*** EXERCISE INPUTS ***

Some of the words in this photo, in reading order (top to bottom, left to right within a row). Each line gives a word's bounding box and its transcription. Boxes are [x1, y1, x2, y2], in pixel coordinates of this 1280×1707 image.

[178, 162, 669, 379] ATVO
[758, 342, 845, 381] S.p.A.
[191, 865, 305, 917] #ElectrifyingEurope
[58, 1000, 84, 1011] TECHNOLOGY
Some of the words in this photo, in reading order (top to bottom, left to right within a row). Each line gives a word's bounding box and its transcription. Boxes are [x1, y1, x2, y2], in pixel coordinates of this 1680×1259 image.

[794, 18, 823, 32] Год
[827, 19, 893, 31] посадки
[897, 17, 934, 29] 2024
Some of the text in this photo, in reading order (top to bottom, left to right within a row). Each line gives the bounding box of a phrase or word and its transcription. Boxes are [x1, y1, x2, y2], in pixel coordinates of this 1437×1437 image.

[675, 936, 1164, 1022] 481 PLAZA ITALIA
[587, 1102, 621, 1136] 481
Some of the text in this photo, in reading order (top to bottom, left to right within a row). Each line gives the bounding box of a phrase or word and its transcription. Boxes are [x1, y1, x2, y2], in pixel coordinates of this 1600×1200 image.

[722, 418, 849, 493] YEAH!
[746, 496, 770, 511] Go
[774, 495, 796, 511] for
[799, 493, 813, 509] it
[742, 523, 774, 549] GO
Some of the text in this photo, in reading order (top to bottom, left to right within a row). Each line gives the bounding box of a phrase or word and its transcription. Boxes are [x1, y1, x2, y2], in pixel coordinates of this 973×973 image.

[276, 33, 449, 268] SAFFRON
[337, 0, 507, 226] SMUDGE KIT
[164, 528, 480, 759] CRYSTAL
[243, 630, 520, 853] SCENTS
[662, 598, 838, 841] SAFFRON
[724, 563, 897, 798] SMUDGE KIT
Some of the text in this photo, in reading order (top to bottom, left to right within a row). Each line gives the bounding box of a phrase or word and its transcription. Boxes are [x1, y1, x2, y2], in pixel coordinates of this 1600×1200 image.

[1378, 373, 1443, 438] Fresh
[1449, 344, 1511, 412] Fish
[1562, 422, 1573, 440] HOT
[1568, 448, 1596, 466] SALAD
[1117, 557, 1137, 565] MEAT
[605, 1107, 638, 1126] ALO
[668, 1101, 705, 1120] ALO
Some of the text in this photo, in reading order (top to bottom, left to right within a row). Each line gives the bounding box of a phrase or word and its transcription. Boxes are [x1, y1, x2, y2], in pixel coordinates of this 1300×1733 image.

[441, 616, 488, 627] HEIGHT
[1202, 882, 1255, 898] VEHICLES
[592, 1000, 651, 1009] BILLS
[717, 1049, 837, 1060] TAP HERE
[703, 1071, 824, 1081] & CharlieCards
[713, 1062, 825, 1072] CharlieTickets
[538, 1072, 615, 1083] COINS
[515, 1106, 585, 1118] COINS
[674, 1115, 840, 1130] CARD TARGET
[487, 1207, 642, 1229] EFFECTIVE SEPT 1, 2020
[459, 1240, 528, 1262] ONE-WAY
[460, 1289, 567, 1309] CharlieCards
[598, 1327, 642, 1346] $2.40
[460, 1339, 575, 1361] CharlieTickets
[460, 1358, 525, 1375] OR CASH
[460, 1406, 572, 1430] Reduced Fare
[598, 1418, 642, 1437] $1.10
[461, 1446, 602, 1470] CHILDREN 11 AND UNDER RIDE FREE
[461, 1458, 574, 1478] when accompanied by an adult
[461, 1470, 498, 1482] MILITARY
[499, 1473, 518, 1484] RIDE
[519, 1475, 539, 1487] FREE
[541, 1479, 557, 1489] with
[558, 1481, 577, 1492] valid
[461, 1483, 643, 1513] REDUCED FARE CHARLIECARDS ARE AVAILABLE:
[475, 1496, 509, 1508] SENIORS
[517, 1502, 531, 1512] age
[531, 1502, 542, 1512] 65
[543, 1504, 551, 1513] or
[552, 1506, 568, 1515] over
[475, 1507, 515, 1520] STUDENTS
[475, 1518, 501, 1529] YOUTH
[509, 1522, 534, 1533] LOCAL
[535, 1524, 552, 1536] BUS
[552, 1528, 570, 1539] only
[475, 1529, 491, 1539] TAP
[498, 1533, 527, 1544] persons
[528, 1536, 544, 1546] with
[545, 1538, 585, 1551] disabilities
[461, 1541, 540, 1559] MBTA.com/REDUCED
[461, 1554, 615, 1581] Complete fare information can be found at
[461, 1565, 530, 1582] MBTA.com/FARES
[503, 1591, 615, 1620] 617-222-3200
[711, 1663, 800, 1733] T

*** End of EXERCISE INPUTS ***

ASSIGNMENT:
Transcribe the material above in full, keeping each word unchanged.

ANSWER TO THE PROBLEM:
Some of the words in this photo, in reading order (top to bottom, left to right within a row). Each line gives a word's bounding box and its transcription. Boxes are [x1, y1, x2, y2], in pixel coordinates of this 1280×1707 image.

[178, 162, 669, 379] ATVO
[758, 342, 845, 381] S.p.A.
[191, 865, 305, 917] #ElectrifyingEurope
[58, 1000, 84, 1011] TECHNOLOGY
Some of the words in this photo, in reading order (top to bottom, left to right within a row). Each line gives a word's bounding box and its transcription. Boxes are [x1, y1, x2, y2], in pixel coordinates of this 1680×1259 image.

[794, 18, 823, 32] Год
[827, 19, 893, 31] посадки
[897, 17, 934, 29] 2024
Some of the text in this photo, in reading order (top to bottom, left to right within a row). Each line gives the bounding box of a phrase or word and its transcription. Boxes are [x1, y1, x2, y2], in pixel coordinates of this 1437×1437 image.

[675, 936, 1164, 1022] 481 PLAZA ITALIA
[587, 1102, 621, 1136] 481
Some of the text in this photo, in reading order (top to bottom, left to right within a row). Each line gives the bounding box of a phrase or word and its transcription. Boxes are [x1, y1, x2, y2], in pixel coordinates of this 1600×1200 image.

[722, 418, 849, 493] YEAH!
[746, 496, 770, 511] Go
[774, 495, 796, 511] for
[799, 493, 813, 509] it
[742, 523, 774, 549] GO
Some of the text in this photo, in reading order (top to bottom, left to right within a row). Each line gives the bounding box of a phrase or word and its transcription. Boxes are [x1, y1, x2, y2], in pixel coordinates of this 973×973 image.

[276, 33, 449, 268] SAFFRON
[337, 0, 507, 226] SMUDGE KIT
[164, 528, 480, 759] CRYSTAL
[243, 630, 520, 853] SCENTS
[662, 598, 838, 841] SAFFRON
[724, 563, 897, 798] SMUDGE KIT
Some of the text in this photo, in reading order (top to bottom, left to right within a row). Each line gives the bounding box of a phrase or word and its transcription. Boxes are [x1, y1, x2, y2], in pixel coordinates of this 1600×1200 image.

[1378, 373, 1443, 438] Fresh
[1449, 344, 1511, 412] Fish
[1562, 422, 1573, 440] HOT
[1568, 448, 1596, 466] SALAD
[1117, 557, 1137, 565] MEAT
[605, 1107, 638, 1126] ALO
[668, 1101, 705, 1120] ALO
Some of the text in this photo, in reading order (top to bottom, left to right within a row). Each line gives the bounding box of a phrase or word and its transcription. Boxes are [x1, y1, x2, y2], in pixel coordinates of this 1300×1733 image.

[441, 616, 488, 627] HEIGHT
[1202, 882, 1255, 898] VEHICLES
[592, 1000, 651, 1009] BILLS
[717, 1049, 837, 1060] TAP HERE
[703, 1071, 824, 1081] & CharlieCards
[713, 1062, 825, 1072] CharlieTickets
[538, 1072, 615, 1083] COINS
[515, 1106, 585, 1118] COINS
[674, 1115, 840, 1130] CARD TARGET
[487, 1207, 642, 1229] EFFECTIVE SEPT 1, 2020
[459, 1240, 528, 1262] ONE-WAY
[460, 1289, 567, 1309] CharlieCards
[598, 1327, 642, 1346] $2.40
[460, 1339, 575, 1361] CharlieTickets
[460, 1358, 525, 1375] OR CASH
[460, 1406, 572, 1430] Reduced Fare
[598, 1418, 642, 1437] $1.10
[461, 1446, 602, 1470] CHILDREN 11 AND UNDER RIDE FREE
[461, 1458, 574, 1478] when accompanied by an adult
[461, 1470, 498, 1482] MILITARY
[499, 1473, 518, 1484] RIDE
[519, 1475, 539, 1487] FREE
[541, 1479, 557, 1489] with
[558, 1481, 577, 1492] valid
[461, 1483, 643, 1513] REDUCED FARE CHARLIECARDS ARE AVAILABLE:
[475, 1496, 509, 1508] SENIORS
[517, 1502, 531, 1512] age
[531, 1502, 542, 1512] 65
[543, 1504, 551, 1513] or
[552, 1506, 568, 1515] over
[475, 1507, 515, 1520] STUDENTS
[475, 1518, 501, 1529] YOUTH
[509, 1522, 534, 1533] LOCAL
[535, 1524, 552, 1536] BUS
[552, 1528, 570, 1539] only
[475, 1529, 491, 1539] TAP
[498, 1533, 527, 1544] persons
[528, 1536, 544, 1546] with
[545, 1538, 585, 1551] disabilities
[461, 1541, 540, 1559] MBTA.com/REDUCED
[461, 1554, 615, 1581] Complete fare information can be found at
[461, 1565, 530, 1582] MBTA.com/FARES
[503, 1591, 615, 1620] 617-222-3200
[711, 1663, 800, 1733] T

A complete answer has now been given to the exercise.